[Supplied records Boundary: Start]
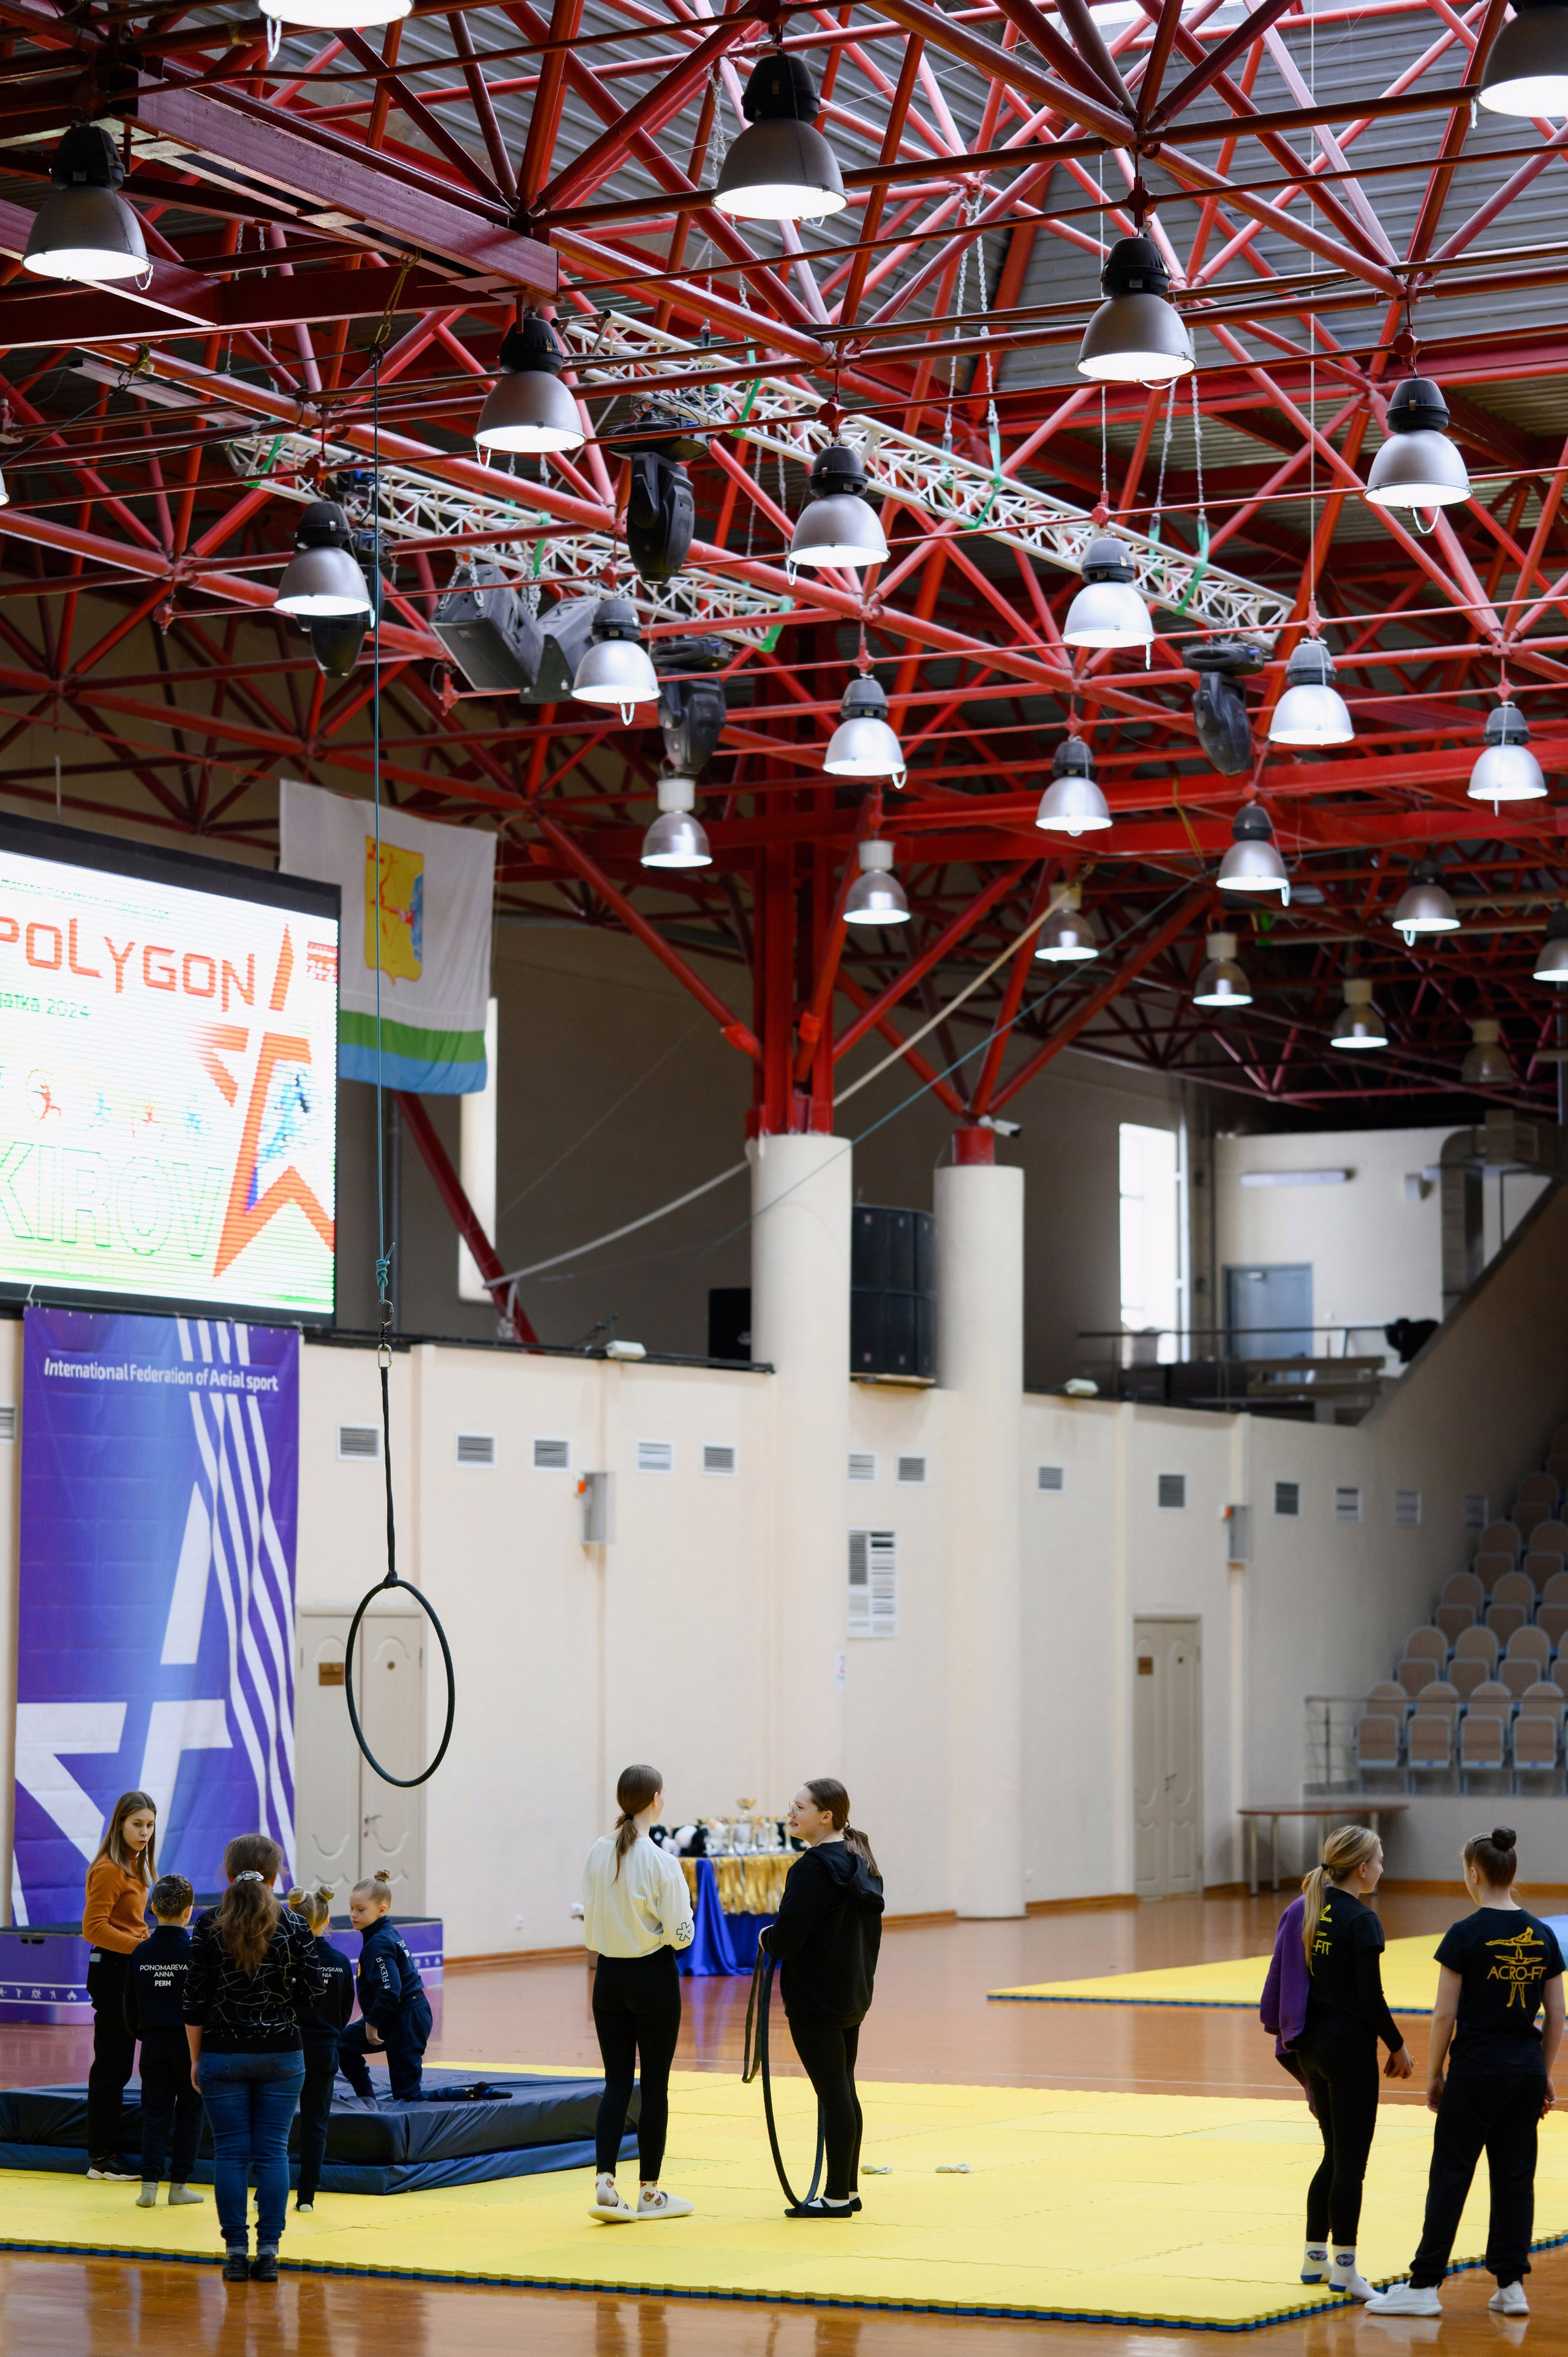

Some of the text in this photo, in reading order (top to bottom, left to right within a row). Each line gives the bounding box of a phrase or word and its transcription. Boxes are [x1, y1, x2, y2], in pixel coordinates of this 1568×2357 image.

[47, 997, 91, 1020] 2024
[44, 1357, 129, 1381] International
[129, 1363, 194, 1386] Federation
[195, 1367, 209, 1386] of
[246, 1375, 279, 1394] sport
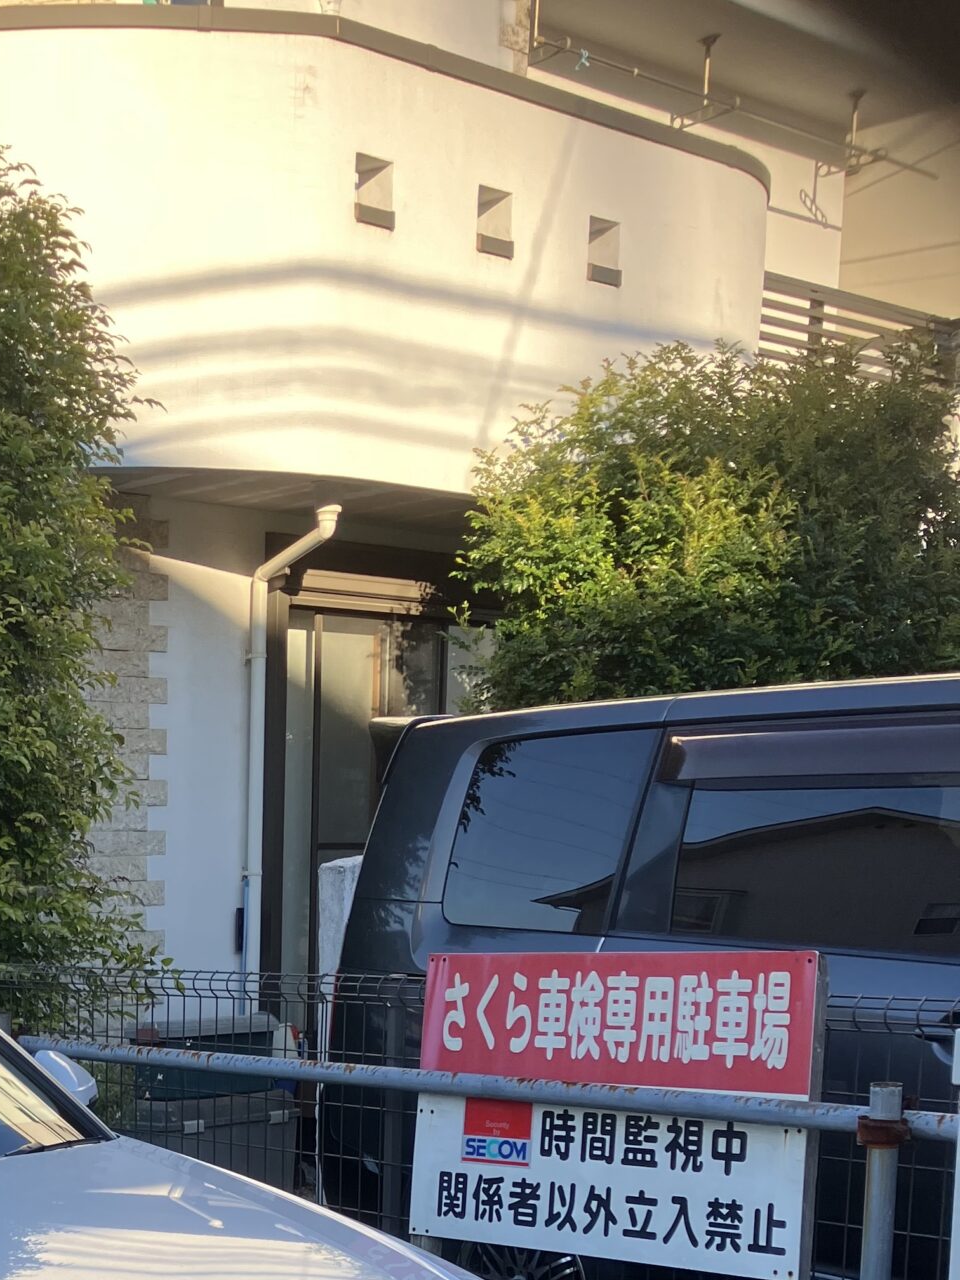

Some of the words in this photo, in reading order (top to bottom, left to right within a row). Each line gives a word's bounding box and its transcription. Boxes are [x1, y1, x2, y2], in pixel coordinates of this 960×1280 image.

[442, 969, 791, 1070] さくら車検専用駐車場
[465, 1137, 527, 1160] SECOM
[540, 1109, 748, 1176] 時間監視中
[437, 1171, 787, 1256] 関係者以外立入禁止
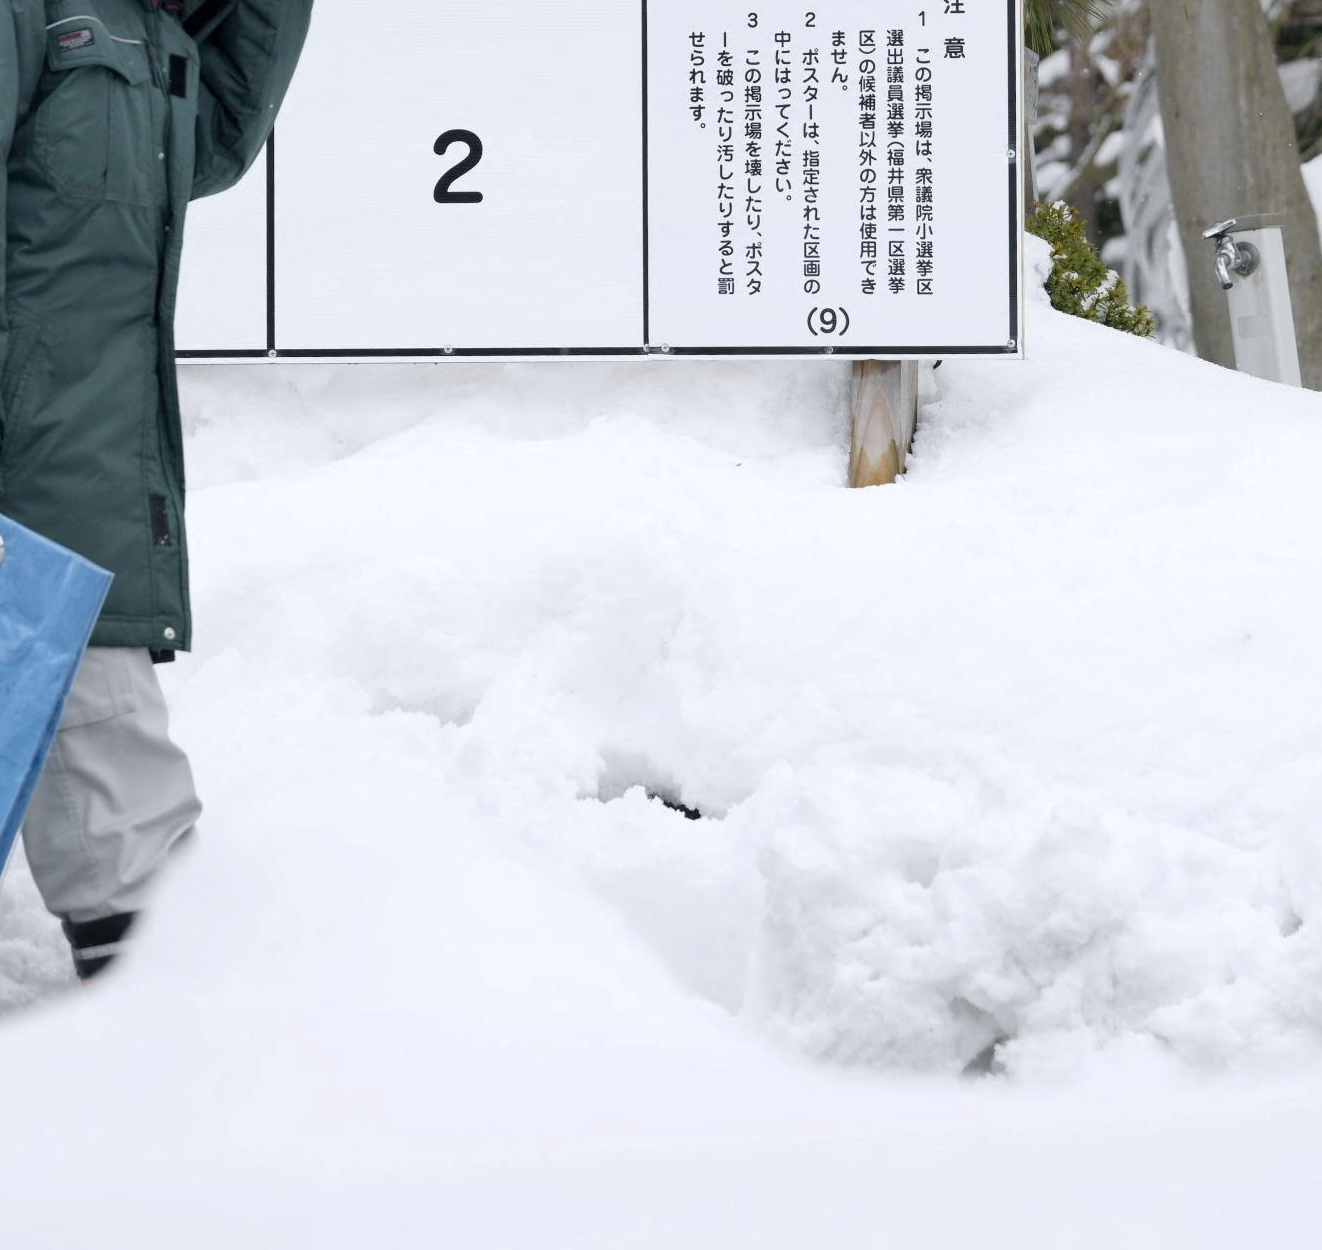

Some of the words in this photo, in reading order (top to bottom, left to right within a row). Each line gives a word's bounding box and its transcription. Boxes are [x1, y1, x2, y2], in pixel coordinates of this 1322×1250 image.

[689, 32, 706, 128] せられます。
[775, 31, 791, 200] 中にはってください。
[831, 31, 848, 90] ません。
[434, 129, 483, 203] 2
[717, 32, 734, 294] ーを破ったり汚したりすると罰
[859, 30, 877, 294] 区）の候補者以外の方は使用でき
[887, 30, 905, 294] 選出議員選挙（福井県第一区選挙
[807, 307, 849, 336] (9)
[Supplied records Boundary: End]
▶ _Work instructions_: Your copy should hold every entry exactly as written, but none of the pictures.

▶ _Response area_:
Some of the text in this photo, in reading order (top to bottom, left to right within a row). Each line gives the bounding box of a phrase or word and its transcription. Boxes are [x1, y1, x2, y2], in pixel coordinates of this 1568×2357 image.

[47, 997, 91, 1020] 2024
[44, 1357, 129, 1381] International
[129, 1363, 194, 1386] Federation
[195, 1367, 209, 1386] of
[246, 1375, 279, 1394] sport

Some of the words in this photo, in reading order (top to bottom, left to right within a row). Each line gives a word's bounding box and its transcription. Boxes are [x1, y1, x2, y2], in pixel coordinates of this 960×1280 image.

[442, 969, 791, 1070] さくら車検専用駐車場
[465, 1137, 527, 1160] SECOM
[540, 1109, 748, 1176] 時間監視中
[437, 1171, 787, 1256] 関係者以外立入禁止

Some of the words in this photo, in reading order (top to bottom, left to right within a row). Each line gives a word's bounding box and its transcription. Boxes are [x1, y1, x2, y2], in pixel coordinates of this 1322×1250 image.

[689, 32, 706, 128] せられます。
[775, 31, 791, 200] 中にはってください。
[831, 31, 848, 90] ません。
[434, 129, 483, 203] 2
[717, 32, 734, 294] ーを破ったり汚したりすると罰
[859, 30, 877, 294] 区）の候補者以外の方は使用でき
[887, 30, 905, 294] 選出議員選挙（福井県第一区選挙
[807, 307, 849, 336] (9)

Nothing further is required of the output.